Perhaps sounding a touch anodyne in contrast is Tor Lundvall, whose music has, i think, a rather more ominous tone than is at first apparent. Either way, Lundvall is clearly most at home during the night, and “Dark Roads” is just such a nocturne, circular and hypnotic. The Real Tuesday Weld is sometimes rather too playful for his own good, but the miniature “Deja Vu” is an exquisitely delicate and delightful amuse-bouche. After such an astonishing first album (one of the best of all time, no doubt), i didn’t expect Keane to be able to build on it, but Under the Iron Sea proved me wrong. A more mature, experimental affair, “Atlantic” is the perfect opening, familiar in appearance and yet structurally downright peculiar. It’s a truly great song, and makes it all the more sad that the band came off the rails so disastrously with their third album. Each member of Joy Division/New Order has at some time formed their own group, and Peter Hook’s was called Revenge. Their 1990 album One True Passion was a decidedly lacklustre affair, and Hook’s characteristic bass sound just seems wrong when separated from the music of New Order. However, one of their songs had me (forgive me) hooked; “The Trouble With Girls” was omitted from the album but i encountered it on a free cassette included with the now-defunct magazine Select. For years, i was forced to put up with a digital transfer of this (very hissy) tape, until in 2004, when an expanded, remastered version of One True Passion was released; they were never a great band, but this shows what they were capable of—which is, i guess, something-that-sounds-like-New-Order-but-isn’t.
i’ve listened to a vast amount of music by Hood, but for the life of me i’m not really sure why; they’re among the most consistently inconsistent groups i’ve come across, encompassing the dirtiest low-fi back-room rock and the most glittering electronic gestures. In truth, i like and dislike their work in equal measure, but when they get it right, the results are often excellent, as in this curious, sharp little miniature. Another foray back to my hip-hop-loving youth with Mantronix, the name acknowledging that it was Kurtis Mantronik who did the majority of the hard work behind M. C. Tee’s rather light and fluffy monologues. Mantronik’s beat patterns, which he frequently takes delight in scratching and generally pulling to shreds, are splendid and instantly recognisable; “Scream” is one of their more immediate, less brooding offerings. Nothing brooding about Neil Hannon’s The Divine Comedy, who too often seems to feel sarcasm is the most appropriate means of expression. Nonetheless, it doesn’t prevent Casanova being a brilliant album, and opener “Something for the Weekend” is one of the finest pop songs ever written; the oblique key-change at the middle 8 is simply divine. A man perhaps hanging on Hannon’s coat-tails is Patrick Wolf, often recommended to me, but who only made a significant impression with last year’s The Bachelor. “The Messenger” is the final track, and to some extent Wolf has saved the best for last; his singing is sublime, and the busy arrangement, seemingly at odds with the lyrical heart of the song, fits like a glove. Continuing in a more theatrical trajectory brings us to The Irrepressibles, whose debut album Mirror Mirror came out earlier this year. Rooted in cabaret, and with a vocal style just a hint more butch than Antony Hegarty, “Forget the Past” swings and waltzes, hurdling hemiolas and allowing for some lovely soft, intimate moments en route.

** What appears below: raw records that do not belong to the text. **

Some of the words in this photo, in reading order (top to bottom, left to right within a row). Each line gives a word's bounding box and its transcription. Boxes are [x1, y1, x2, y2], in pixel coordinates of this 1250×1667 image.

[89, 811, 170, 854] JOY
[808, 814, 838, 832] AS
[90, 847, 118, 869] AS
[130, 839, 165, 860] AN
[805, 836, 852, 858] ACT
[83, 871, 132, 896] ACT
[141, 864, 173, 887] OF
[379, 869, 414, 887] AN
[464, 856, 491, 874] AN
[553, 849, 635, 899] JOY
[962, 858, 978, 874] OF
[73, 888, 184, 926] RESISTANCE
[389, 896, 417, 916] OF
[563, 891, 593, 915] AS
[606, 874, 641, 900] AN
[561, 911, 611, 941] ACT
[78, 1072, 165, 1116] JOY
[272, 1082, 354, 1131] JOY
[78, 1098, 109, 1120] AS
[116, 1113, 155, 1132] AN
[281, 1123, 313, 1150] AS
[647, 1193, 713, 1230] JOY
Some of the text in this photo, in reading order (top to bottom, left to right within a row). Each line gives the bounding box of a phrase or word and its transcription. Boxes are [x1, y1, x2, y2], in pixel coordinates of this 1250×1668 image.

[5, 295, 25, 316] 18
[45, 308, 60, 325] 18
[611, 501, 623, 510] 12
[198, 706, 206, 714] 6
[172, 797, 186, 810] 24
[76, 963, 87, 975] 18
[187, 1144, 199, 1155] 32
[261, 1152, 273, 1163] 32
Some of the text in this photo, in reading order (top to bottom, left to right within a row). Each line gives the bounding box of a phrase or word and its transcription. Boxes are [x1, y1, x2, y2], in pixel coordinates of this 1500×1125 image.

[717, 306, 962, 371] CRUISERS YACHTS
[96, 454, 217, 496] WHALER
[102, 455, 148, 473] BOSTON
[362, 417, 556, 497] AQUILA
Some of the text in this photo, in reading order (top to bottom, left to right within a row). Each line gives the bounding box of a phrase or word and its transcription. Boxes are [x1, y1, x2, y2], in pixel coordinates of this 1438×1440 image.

Jimmy Somerville‘s a cappella “Puit D’Amour” is a rare opportunity to hear his amazing voice unadorned. i knew from the outset that The Cure would have to feature here, although choosing a track was always going to be hard (“Primary” would have been rather too obvious, methinks). i’ve opted for one from my favourite album of theirs, Kiss Me Kiss Me Kiss Me; it’s arguably their most opulent release, and (along with “If Only Tonight We Could Sleep”) “One More Time” is filled with incense and soft cushions, Robert Smith’s vocals ravishingly beautiful, both strident and gasping at the sheer lusciousness of it all. Get Well Soon, about whom i wrote recently, are a new passion of mine; “Green Island Never Turns White” gradually moves from the trappings of a swaying ballad to something more forceful. The usual dark electronica that suffuse the music of Chris Corner’s IAMX are ejected entirely in the “Art Deco” version of his single “Tear Garden”. Already a powerful song, in this incredibly moving, late-night jazz trio rendering it’s (fittingly) hard to keep back the tears. Away from his somewhat grandiose Porcupine Tree project, Steven Wilson has shown in his solo work that he is among the most radical minds in 21st century rock; “Puncture Wound” is a self-confessed homage to The Cure’s “A Forest” (he admitted this to me last year, when i asked him about it); like the best kind of tribute, its retrospective exterior is merely the shell around fiercely original work, and as such this track is no different from the rest of Insurgentes, the work of an absolute master. Jamie Woon‘s rather humdrum rendition of the spiritual “Wayfaring Stranger” is taken to another plane in Burial‘s hands; while Burial’s own work seems to have a surprisingly short life-span (both his albums already sound dated and spent), what he does here is something timeless; Woon’s voice gains a more pleading sensibility in Burial’s suburban sonic landscape, a lament made more plangent by the perfectly-judged deep bass notes.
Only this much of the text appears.